Malawi marks 37 years of independence

BLANTYRE

Malawi marked its 37th year of independence from Britain on Friday, with ceremonies that highlighted the nation's ongoing struggles against poverty and corruption.
President Bakili Muluzi delivered an independence day speech at a packed stadium with 20,000 people in the northern town of Mzuzu City, but used the address to lash out at political opponents.
Muluzi hit at residents in northern Malawi for being "ungrateful for the development" his ruling party had brought, saying he had built a university and a new hospital hospital -- funded by Taiwan -- for the people.
"When are you going to thank me? We have spent billions of money on these projects and this has happened within my seven years of being in power," Muluzi said.
Residents in northern Malawi, which is a stronghold of the opposition Alliance for Democracy (AFORD), complain about the slow pace of development in their region.
The political tension erupted into a riot last month, when police killed three people as they broke up a protest over delays in paving the dirt road linking Mzuzu City to Chitipa on the Tanzanian border.

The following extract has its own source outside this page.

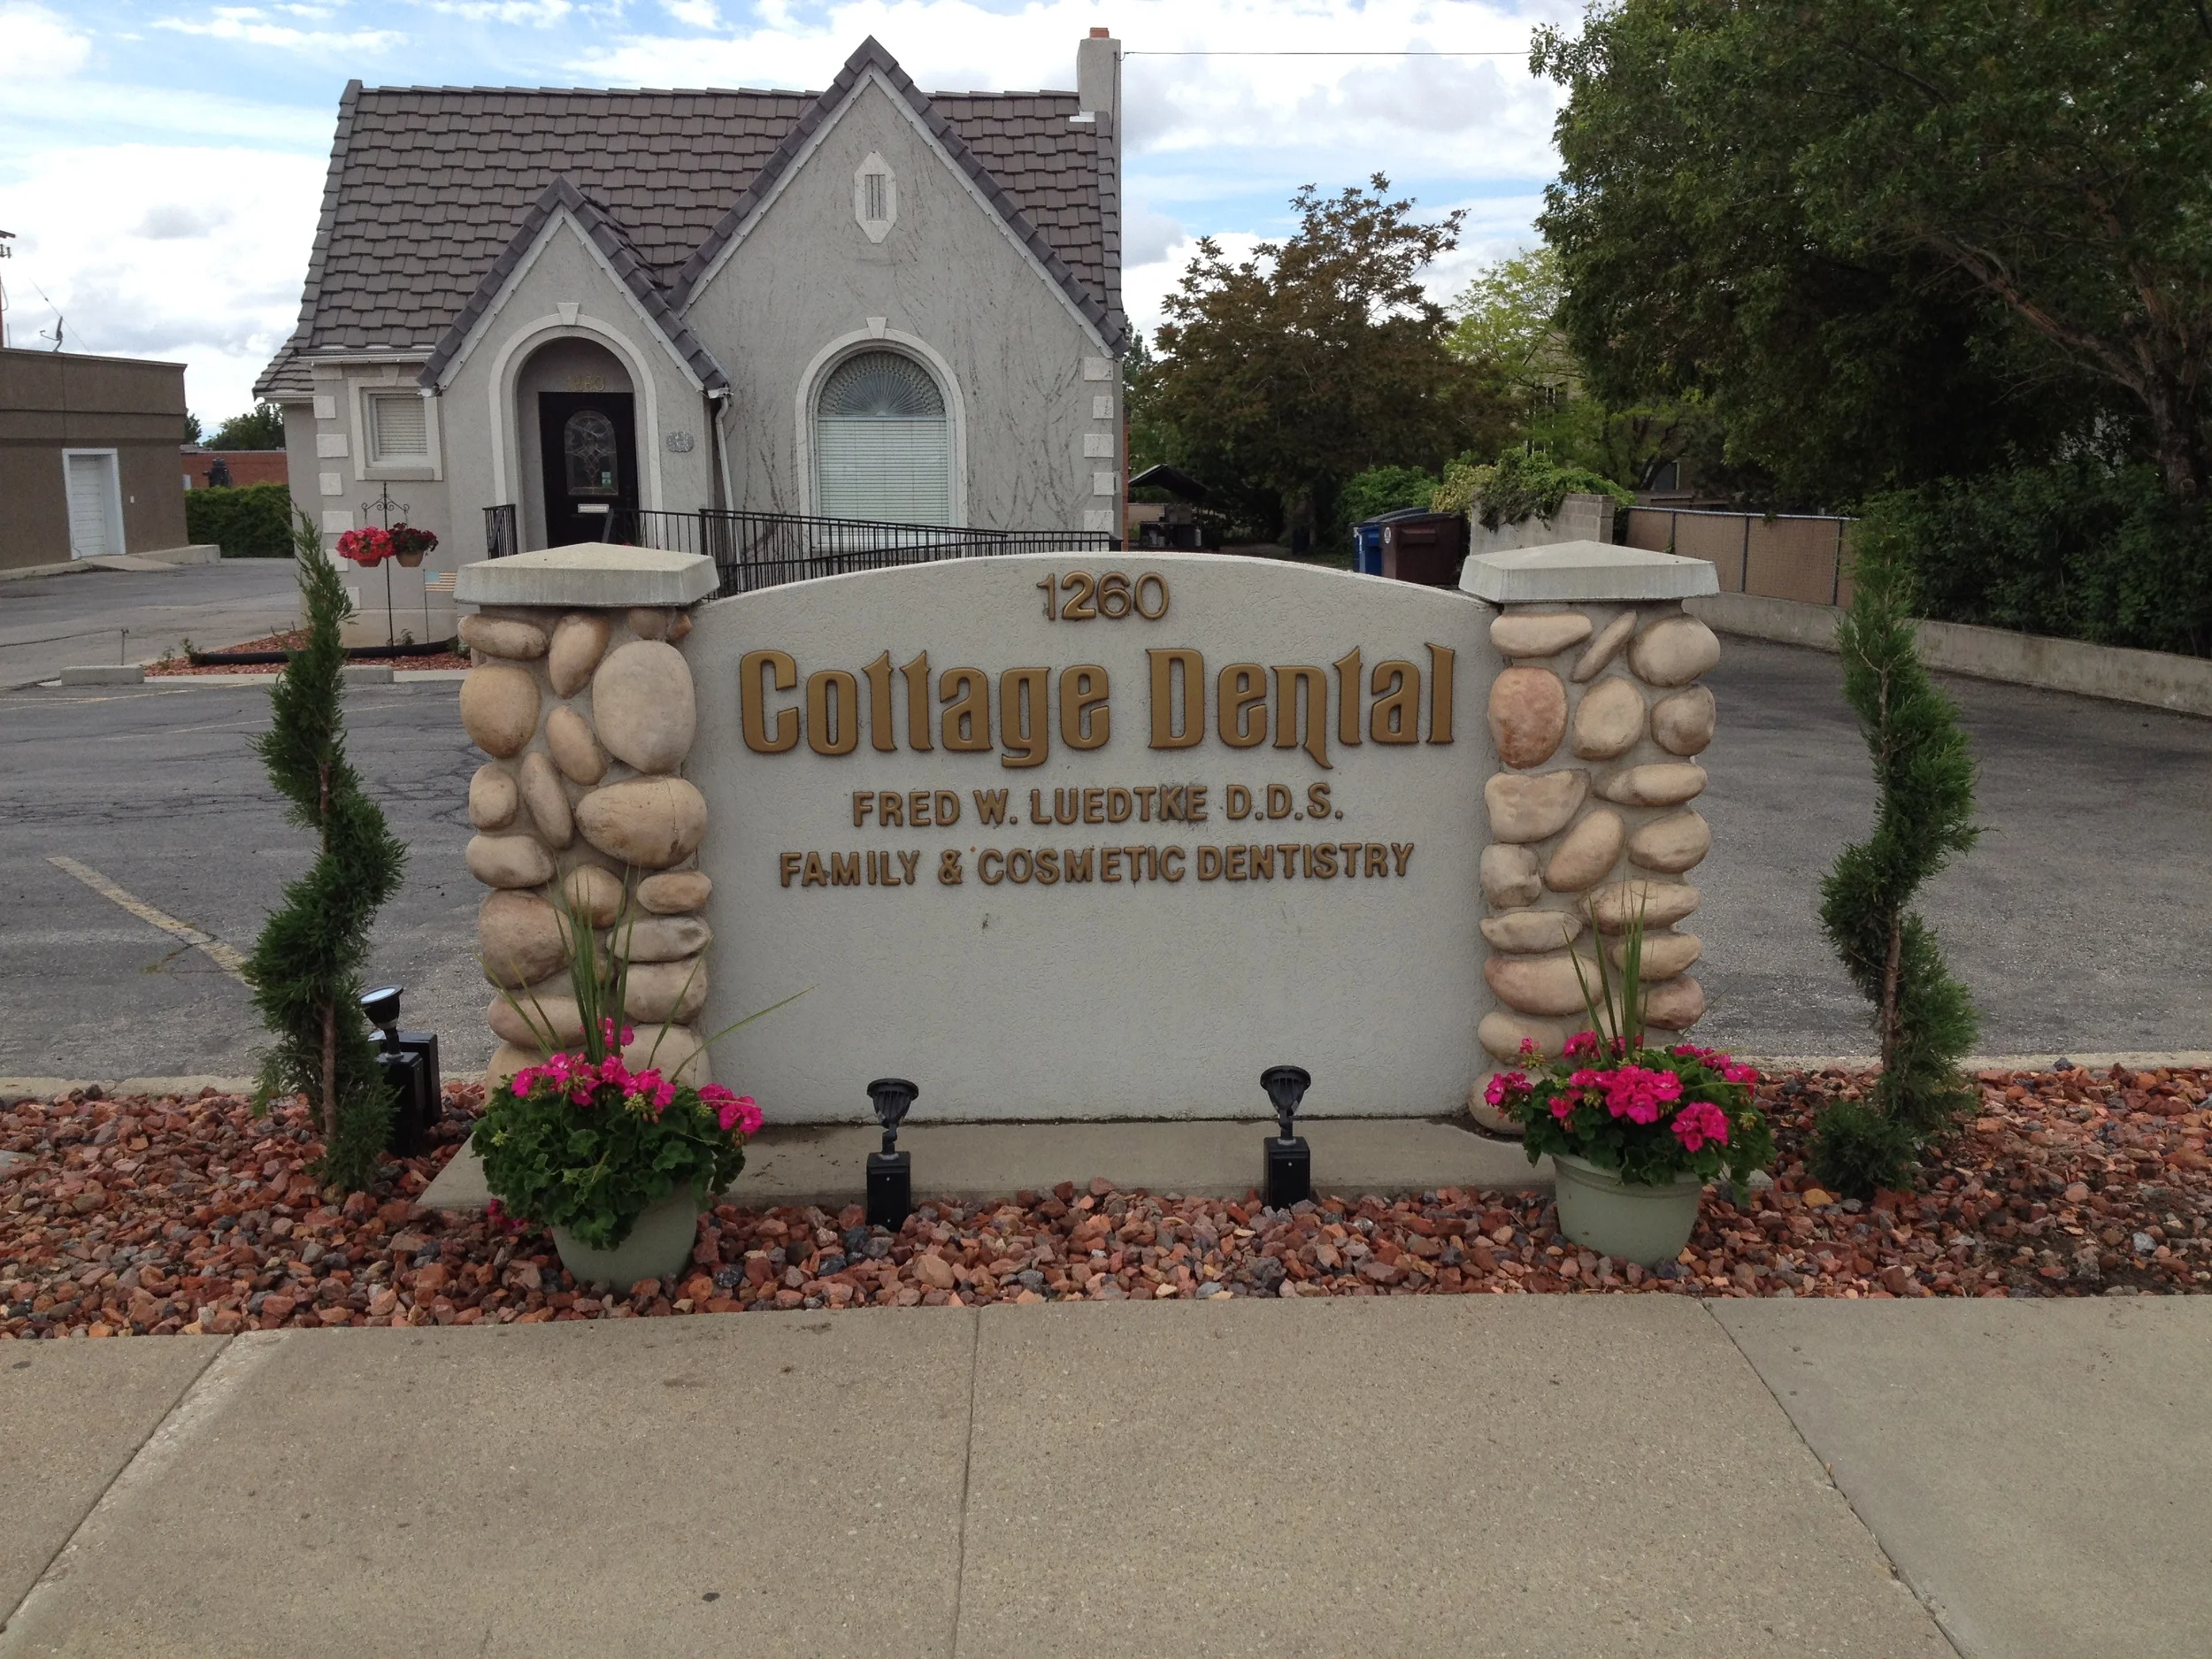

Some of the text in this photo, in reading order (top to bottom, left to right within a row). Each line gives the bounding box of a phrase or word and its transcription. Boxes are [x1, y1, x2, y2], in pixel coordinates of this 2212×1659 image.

[1036, 571, 1171, 621] 1260
[739, 642, 1456, 771] Cottage Dental
[852, 783, 1345, 827] FRED W. LUEDTKE D.D.S.
[780, 842, 1415, 887] FAMILY & COSMETIC DENTISTRY

Muluzi, commenting for the first time on the riot, said there was no need for the demonstration because construction of the road, to be bankrolled by Taiwan and the African Development Bank, "will start soon."
"We need to achieve economic and social development for our people. Politics alone will not feed our hungry mouth," he said.
"Don't play with me. Who are you to divide Malawians?" he said, in remarks directed at AFORD.
Anonymous pamplets circulated in Mzuzu City had urged people not to attend the event because "safety cannot be guaranteed and we have nothing to celebrate on this day. It should be a day to take stock of where we have come from and where we are going."
For most of its time as an idependent nation, Malawi was ruled with an iron fist by former dictator Kamuzu Banda. Muluzi ousted Banda in the nation's first multiparty polls in 1994.
Malawi remains one of the world's poorest and least developed nations, with about 60 percent of its people living in poverty.
"We may be poor, yes, but I will not allow anybody to dictate to me how to run Malawi," Muluzi said, in comments one political commentator said were directed at the World Bank and the International Monetary Fund (IMF), which sponsor the country's tough economic reforms.
"We are committed to deliver what people need most and to create opportunities for them," he said.
Muluzi arrived at the stadium in a triumphant mood in a colourful convoy, complete with outrider motorcyclists. He said the national day was to remember the collapse of dictatorship and seven years after fighting Banda's one party rule.
Muluzi has increasingly tried to tighten his grip on power, and a pressure group has already formed to prevent him from running for an unconstitutional third term in 2004.
At an inter-denominational prayer service for independence day on Thursday, his supporters booed an Anglican bishop who criticized Muluzi's handling of corruption in government.
Security at the stadium was tight, after the distribution of the anonymous pamphlets intensified in the morning.
But in his speech Muluzi vowed that his government will uphold "principles of democracy and never again allow another dictatorship."